Bonny Doon is a census-designated place in Santa Cruz County, California, United States. It is situated northwest of the city of Santa Cruz and is considered part of the southern San Francisco Bay Area or northern Monterey Bay Area. Bonny Doon's population was 2,868, as reported by the 2020 census.

==History==
It was founded in the 1850s as a logging camp. The current name can be attested back to 1902: John Burns, a Scotsman living in Santa Cruz, named Bonny Doon after a line in the Robert Burns song "The Banks O' Doon". The line is: "Ye banks and braes o' bonnie Doon...", and refers back to the Doon River in Scotland. Evidence of 2,600 years of occupation by Native Americans has been found in the area.

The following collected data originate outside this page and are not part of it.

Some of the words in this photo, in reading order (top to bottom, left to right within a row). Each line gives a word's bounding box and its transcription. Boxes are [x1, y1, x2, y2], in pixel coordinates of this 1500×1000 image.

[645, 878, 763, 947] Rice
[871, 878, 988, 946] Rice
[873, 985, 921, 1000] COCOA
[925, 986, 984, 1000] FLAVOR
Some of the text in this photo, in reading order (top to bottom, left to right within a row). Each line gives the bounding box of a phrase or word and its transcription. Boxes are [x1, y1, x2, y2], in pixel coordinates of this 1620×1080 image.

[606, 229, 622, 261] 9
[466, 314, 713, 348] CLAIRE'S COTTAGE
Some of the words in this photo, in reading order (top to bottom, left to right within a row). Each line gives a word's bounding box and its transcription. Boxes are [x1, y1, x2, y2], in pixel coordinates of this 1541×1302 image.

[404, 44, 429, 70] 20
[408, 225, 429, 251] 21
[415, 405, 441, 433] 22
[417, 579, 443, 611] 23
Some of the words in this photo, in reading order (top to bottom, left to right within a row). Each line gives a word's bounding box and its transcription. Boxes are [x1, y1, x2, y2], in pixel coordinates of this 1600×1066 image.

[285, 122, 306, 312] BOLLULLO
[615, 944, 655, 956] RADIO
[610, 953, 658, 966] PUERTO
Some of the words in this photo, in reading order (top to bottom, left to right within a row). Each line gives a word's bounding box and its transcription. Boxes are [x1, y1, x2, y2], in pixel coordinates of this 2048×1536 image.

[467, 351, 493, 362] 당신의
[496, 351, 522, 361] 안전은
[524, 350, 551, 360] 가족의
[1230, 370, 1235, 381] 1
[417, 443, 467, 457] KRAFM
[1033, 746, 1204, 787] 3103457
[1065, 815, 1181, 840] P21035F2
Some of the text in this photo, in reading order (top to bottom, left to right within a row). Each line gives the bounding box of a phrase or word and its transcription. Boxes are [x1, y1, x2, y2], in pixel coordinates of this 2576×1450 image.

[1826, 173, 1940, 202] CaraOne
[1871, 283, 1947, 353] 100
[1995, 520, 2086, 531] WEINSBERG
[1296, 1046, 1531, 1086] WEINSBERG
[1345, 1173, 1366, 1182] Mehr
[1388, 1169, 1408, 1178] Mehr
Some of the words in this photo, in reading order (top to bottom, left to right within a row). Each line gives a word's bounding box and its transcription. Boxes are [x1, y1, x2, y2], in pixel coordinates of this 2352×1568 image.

Bonny Doon has no city center or commercial shops, but features several wineries including Bonny Doon Vineyard, a church, two fire stations, a lavender farm, the Bonny Doon Ecological Reserve, an elementary school, and a private-use airport. A beach of the same name is nearby.

In 2020, Bonny Doon was popular with remote workers during the COVID-19 pandemic.

===Wildfires===
At 2:54 p.m. on June 11, 2008, a fire broke out at the Bonny Doon Ecological Reserve, a preserve with a number of hiking trails located on Martin Road. This Martin Fire burned 520 acre, destroying three residences and eight outbuildings. About 1,500 residents of Bonny Doon were evacuated as a result of the fire. Governor Arnold Schwarzenegger declared a state of emergency for Santa Cruz County. The blaze cost over $5.4 million to contain and was part of a busy summer of wildfires in California.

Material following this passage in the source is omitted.